I bent toward Anastasia’s ear and asked if she remembered our hands touching? In that previous life – did she remember? Her eyelids quivered but did not open. I began telling her about how we decorated a Christmas tree. How I took the ornaments from the box and unwrapped them, the paper they were wrapped in rustling. After finding and straightening each thread, I gave the ornaments to Anastasia. I touched her fingers with my fingers, in everyone’s sight, by the way. Anastasia’s and my work offered that opportunity.

That was in the evening. But the tree turned out to be completely different when I went into the Voronins’ room in the morning. The tree (tinsel, ornaments) sparkled in the dim December sun. The vent window was open and the garlands were clinking, barely audibly. There do exist, I whispered as I held Anastasia’s hand, sounds that are rare and resemble nothing else. The sound of garlands in a draft, for example: it is all so glassy, so inexpressibly fragile, does Anastasia remember it? I love that sound very much and recall it often.

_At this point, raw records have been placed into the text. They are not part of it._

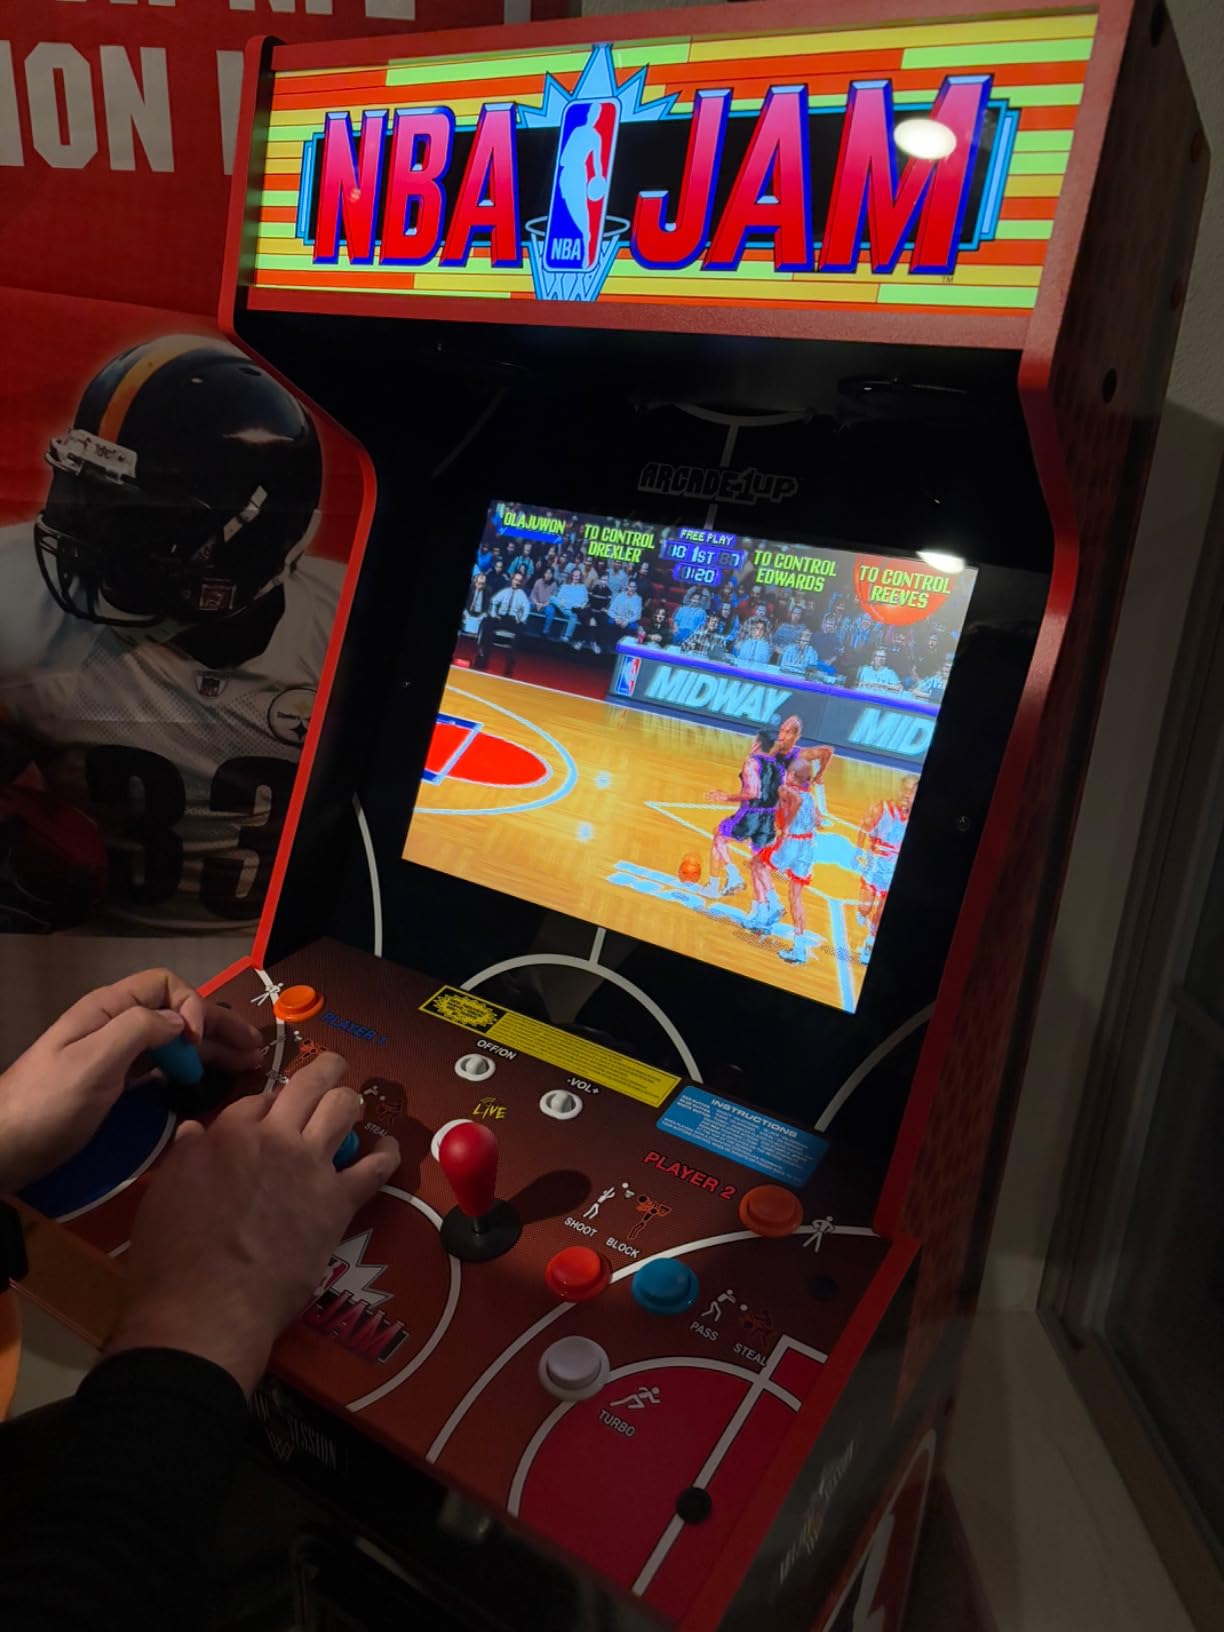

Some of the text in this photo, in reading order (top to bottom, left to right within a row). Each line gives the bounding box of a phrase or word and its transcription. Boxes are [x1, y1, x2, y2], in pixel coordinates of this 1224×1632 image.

[312, 103, 523, 268] NBA
[631, 74, 995, 275] JAM
[551, 238, 581, 261] NBA
[503, 511, 567, 535] OLAJUWON
[584, 523, 655, 549] TO CONTROL
[680, 529, 735, 546] FREE PLAY
[588, 541, 643, 563] DREXLER
[691, 546, 716, 565] 1ST
[754, 550, 837, 577] TO CONTROL
[755, 568, 826, 593] EDWARDS
[859, 565, 951, 594] TO CONTROL
[870, 585, 930, 609] REEVES
[645, 665, 937, 756] MIDWAY MID
[476, 1038, 518, 1061] OFF/ON
[711, 1099, 798, 1138] INSTRUCTIONS
[642, 1150, 737, 1200] PLAYER 2
[564, 1216, 599, 1238] SHOOT
[605, 1236, 641, 1259] BLOCK
[689, 1321, 720, 1342] PASS
[732, 1342, 767, 1368] STEAL
[599, 1409, 636, 1438] TURBO

I reminded Anastasia in a whisper about other dear things, too. About how, for example, she once took my hand, saying she wanted to see my fate. She drew her fingertip along the tangle of lines and said something; it gave me chills. I did not hear her words because my ears were not working. Of all my body parts, there existed only the palm along which Anastasia’s finger was gliding. It investigated every mount, every line. The longest turned out to be the life line. I wonder if it took the frozen time into account in my case?

THURSDAY

I came to at the infirmary. Not in the same rotten barrack where I had ended up before but in a clean, lighted room. Everything – floor, ceiling, table, chairs, bed – was white and so somehow I calmly thought I had gone straight to Paradise after being beaten on Sekirka.

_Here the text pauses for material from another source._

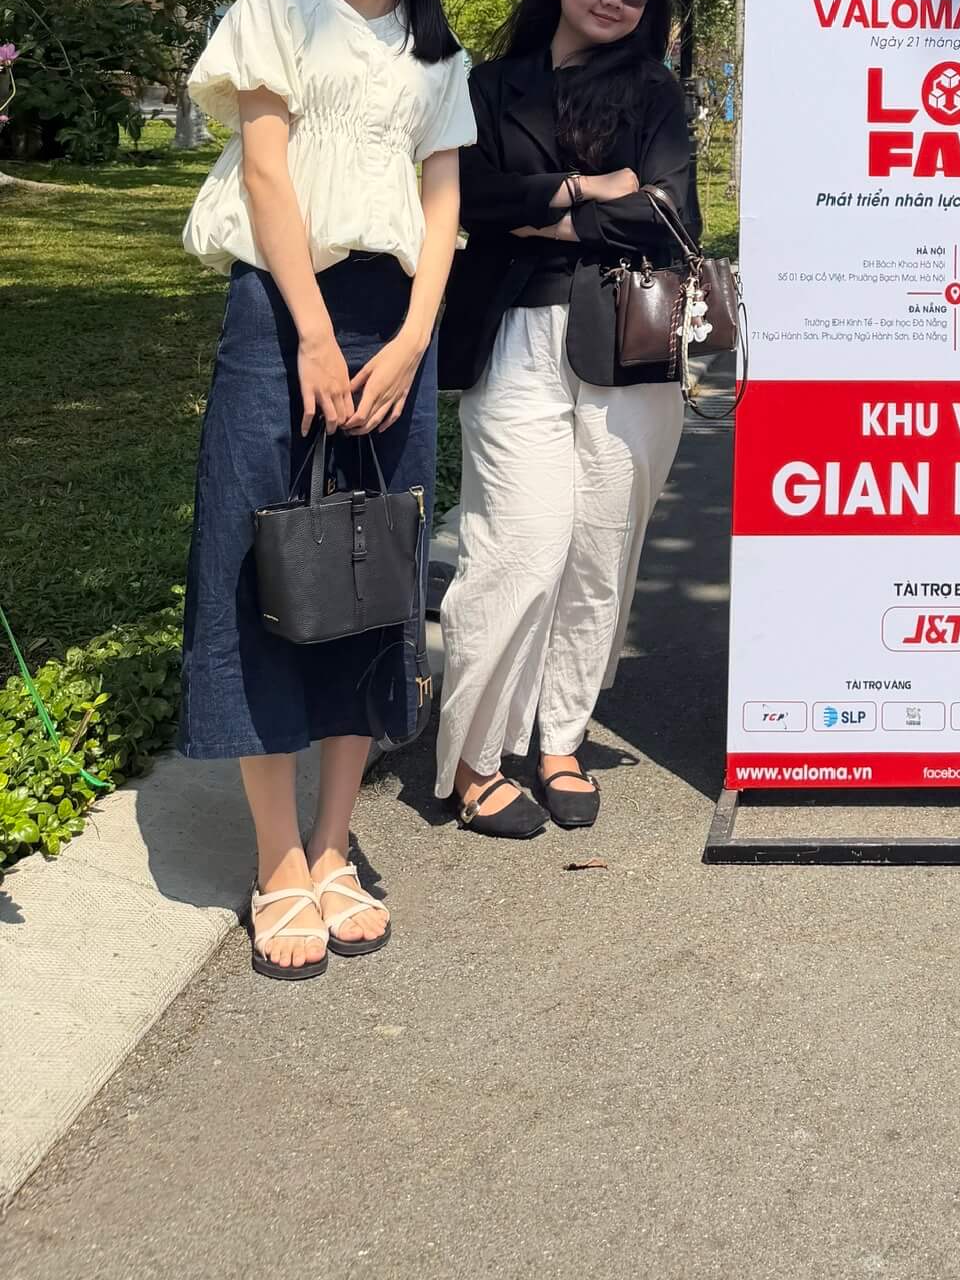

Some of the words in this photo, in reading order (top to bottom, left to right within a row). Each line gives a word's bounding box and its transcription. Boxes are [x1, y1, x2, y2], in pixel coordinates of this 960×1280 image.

This was not Paradise, though: there were not things like these there. There was a bentwood chair painted with generous white strokes and the paint had frozen in rivulets on the iron bed knobs; they would not have painted like that in Paradise. The room was white but earthly. Leaning out of bed, I finally spotted non-white objects, too: a light-blue pail with a reddish rag. On the pail, dripping red letters read ‘LAZARUS.’

All the rest was essentially non-white, too. The floor, for example. Indeed, it turned out to be light brown. I lay there and was surprised that the floor could have seemed different to me a minute ago. Not only colors were returning but smells, too. The room smelled pronouncedly of medicines, and bleach wafted from the pail with the mysterious inscription. I do not think there’s any need for either of those things in Paradise.

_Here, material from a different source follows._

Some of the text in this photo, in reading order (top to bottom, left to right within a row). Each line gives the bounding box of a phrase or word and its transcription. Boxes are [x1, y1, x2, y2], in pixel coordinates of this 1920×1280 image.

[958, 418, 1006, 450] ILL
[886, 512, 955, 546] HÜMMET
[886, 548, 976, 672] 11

A medical nurse entered the room and I squeezed my eyes shut. This is a camp habit: pretending you are not there. Go still if you hear someone moving. Merge with the darkness. See nothing and be unseen.

After wiping the floor, the nurse took the pail with the rag and left. Male footsteps sounded. Through my eyelashes, I saw shoes crossing a floor that was still wet. I could not remember when I had last seen shoes at the camp. Folds of trouser legs rested on the shoes. The whiteness of a lab coat replaced the trousers’ stern blackness. The man who had entered leaned over the bed and called my name.

His arrival reminded me of Geiger’s first appearance, though it could be that everything was reversed and it was Geiger who later reminded me of the man who had entered. As is known, one can pass through time in both directions. What is important: I opened my eyes. The stranger looked at me, silent. A professorial little beard, glasses. I was silent, too, because it was he who should speak. And he began speaking:

‘Your first task, Innokenty Petrovich, is to recover.’

That seemingly assumed a question about a second task, but I did not ask it. Remembering the pail, I asked:

‘Is LAZARUS a nickname for the infirmary?’

‘It’s a special nickname, shortened.’ He smiled. ‘Laboratory for Absolute Zero and Regeneration in the USSR, only it’s doubtful you have heard of it.’